Catechol (CT) and hydroquinone (HQ) are the two significant isomers of phenolic compounds being widely used in medicines, cosmetics, pesticides, flavoring agents, dye and photography [1]. Due to their high toxicity and low degradability, CT and HQ are considered as environmental pollutants by the US Environmental Protection Agency (EPA) and the European Union (EU) [2]. To date, several techniques including liquid chromatography [3], capillary electrochromatography [4], electrochemiluminescence [5], and spectrophotometry [6] have been applied to the detection of CT and HQ. Compared with other analytical strategies, electrochemical methods are attractive due to the advantages of simple operation, time saving, low cost, free of complicated samples pre-treatment, high sensitivity and excellent selectivity.
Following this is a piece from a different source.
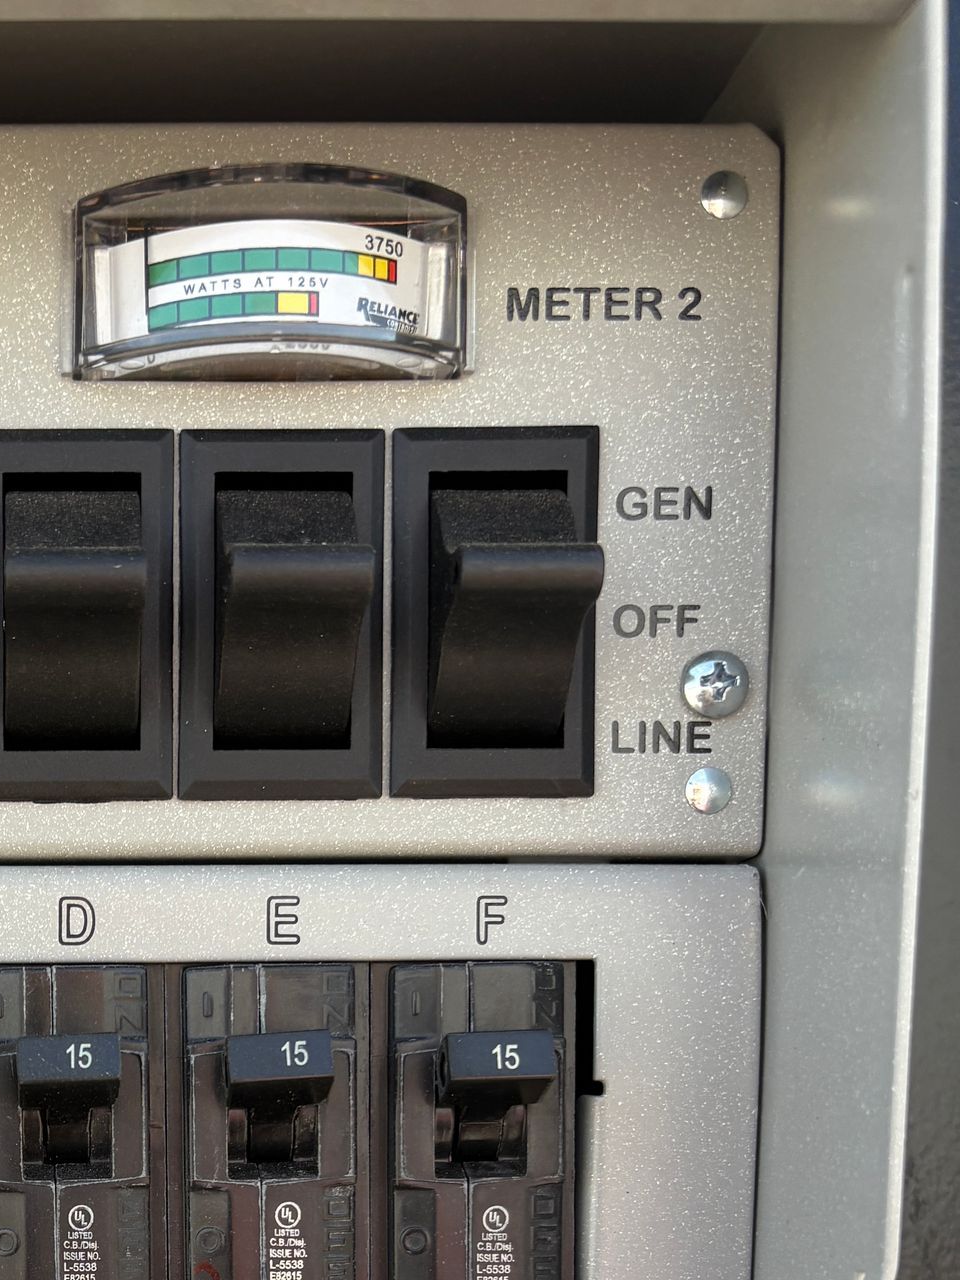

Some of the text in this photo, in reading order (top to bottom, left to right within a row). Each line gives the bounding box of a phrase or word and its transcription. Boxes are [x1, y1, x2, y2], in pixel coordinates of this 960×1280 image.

However, direct determination of these isomers at conventional electrodes such as glassy carbon and gold electrodes is a challenge, because their redox peak potentials are too close to distinguish. Recently, various functionalized materials, including electrospun carbon nanofibers [7], carbon nanoparticle–chitosan composite [8], mesoporous carbon CMK-3 [9], graphene–chitosan composite [10], penicillamine [11], carbon nanotubes (CNT) [12], poly(thionine) [13], layered tungsten sulfide-graphene nanocomposite [14], graphene oxide doped poly(3,4-ethylenedioxythiophene) [15], and poly(brilliant-cresyl blue) [16], were developed for simultaneous determination of CT and HQ. Therefore, it is meaningful to investigate novel electrode materials for the simultaneous determination of dihydroxybenzene isomers.
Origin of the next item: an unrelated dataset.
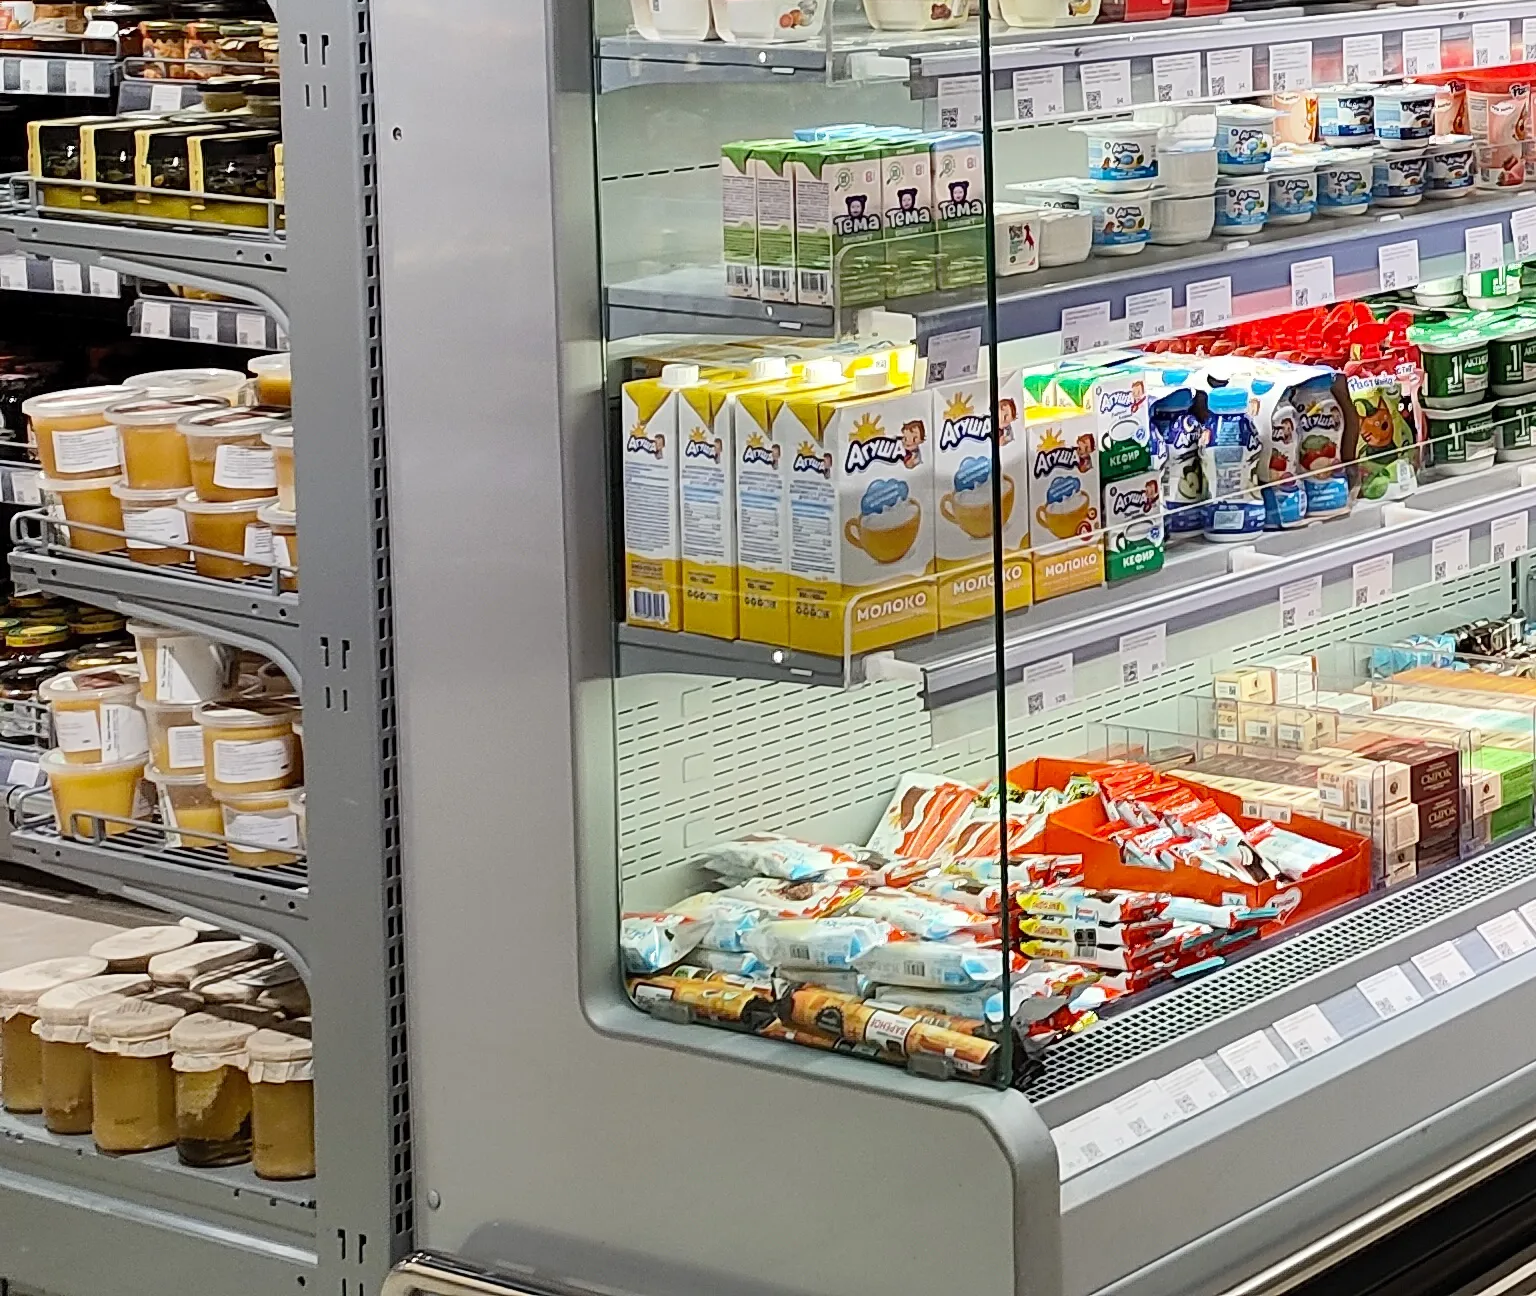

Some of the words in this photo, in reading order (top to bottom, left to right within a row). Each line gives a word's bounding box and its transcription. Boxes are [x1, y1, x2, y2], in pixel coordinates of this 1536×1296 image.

[1109, 449, 1141, 466] КЕФИР
[1045, 552, 1098, 577] МОЛОКО
[1122, 547, 1155, 568] КЕФИР
[857, 591, 928, 623] МОЛОКО
In this context, significant advantages have been achieved using conduction polymers to develop electrochemical sensors for measuring organic and inorganic compounds. Conducting polymers can be easily prepared as film electrodeposited over different substrates with good homogeneity, chemical stability, and adherence, with the possibility of incorporating different materials to form composites [17]. The thickness and permeability of the polymeric films can be controlled by the potential and current applied. Fabrication of conducting polymer film is flexible, hence, it provides an attractive mean to overcome the problems caused by the solvent evaporation method [18]. Poly(sulfosalicylic acid) has high concentrations of negatively charged surface-functional groups (SO3 and COO), which has attracted much attention in the determination of roxithromycin [19], adenine, guanine, thymine [20], and dopamine [21], etc. As far as we know, it has not been reported that poly(sulfosalicylic acid) film is used for the determination of CT and HQ.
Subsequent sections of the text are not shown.